Question

Solve 9*3^x=5

Answer 1

try dividing 9 on both side to isolate the 3^x part

Answer 2

then take ln( ) of both sides

Answer 3

you mean this right? \[9*3^{x} = 5\]

Answer 4

Just treat 3^x as a variable and isolate that. So you have nine times 3. you need to do the opposite which is division.

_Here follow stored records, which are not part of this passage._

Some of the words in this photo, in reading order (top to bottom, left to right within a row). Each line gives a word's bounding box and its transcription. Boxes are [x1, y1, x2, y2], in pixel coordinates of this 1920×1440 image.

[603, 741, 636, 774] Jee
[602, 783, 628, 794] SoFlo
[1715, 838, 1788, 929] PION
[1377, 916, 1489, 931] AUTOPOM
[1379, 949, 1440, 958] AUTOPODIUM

\[3^{x} = \frac{ 9 }{ 5 }\]

then you have 3^x by itself. you need to apply logs to solve this. what you would do is take the log of both sides.

I'll stop there.

Answer 5

that should be 5/9

Answer 6

Or you can rewrite 3 as 3^2 first if you don't like fractions.

Answer 7

i mean 9 as 3^2

Answer 8

\[\rm 9= 3 \cdot 3 =3^2\]

Answer 9

So I have \[3^2*3^x=5\]

Answer 10

you could use law of exponents if you go @Nnesha 's route which says x^a*x^b=x^(a+b)

Answer 11

so 3^2 * 3^x =?

Answer 12

Wouldn't that be 3^(2+x)=5?

Answer 13

that's cool
you still can't get past applying a log to both sides
I like to use ln( )

Answer 14

Alright, how would you do with the natural log?

Answer 15

\[9\cdot \:3^x=5\quad :\quad x=-\frac{\ln \left(\frac{9}{5}\right)}{\ln \left(3\right)}\quad \left(\mathrm{Decimal:\quad }x=-0.53503\right)\]

Answer 16

you do ln( ) of both sides
this allows you to bring the power down

@DecentNabeel It would be cool if we can lead him to the answer instead of just giving him the answer

Answer 17

\[3^{2+x}=5 \\ \ln(3^{2+x})=\ln(5) \\ \text{ use power rule: } \ln(a^r)=r \ln(a)\]

Answer 18

I guess what I'm confused is the answer that the teacher gave of x = log3
(5) − 2

Answer 19

is that log base 3?

Answer 20

Yes

Answer 21

if so then take log base 3 of both sides instead of ln( )

Answer 22

you will still use power rule though

Answer 23

@myininaya happy

Answer 24

@myininaya could you show what that looks like

Answer 25

instead of seeing the ln( ) on both sides
write \[\log_3( )\] on both sides

Answer 26

you know where I had written ln( )?

Answer 27

Oh never mind I got it

Answer 28

except for the -2 part

Answer 29

\[9\cdot \:3^x=5\]
\[\mathrm{Divide\:both\:sides\:by\:}9\]
\[3^x=\frac{5}{9}\]
\[\mathrm{Use\:the\:following\:exponent\:property}:\quad \frac{1}{a^n}=a^{-n}\]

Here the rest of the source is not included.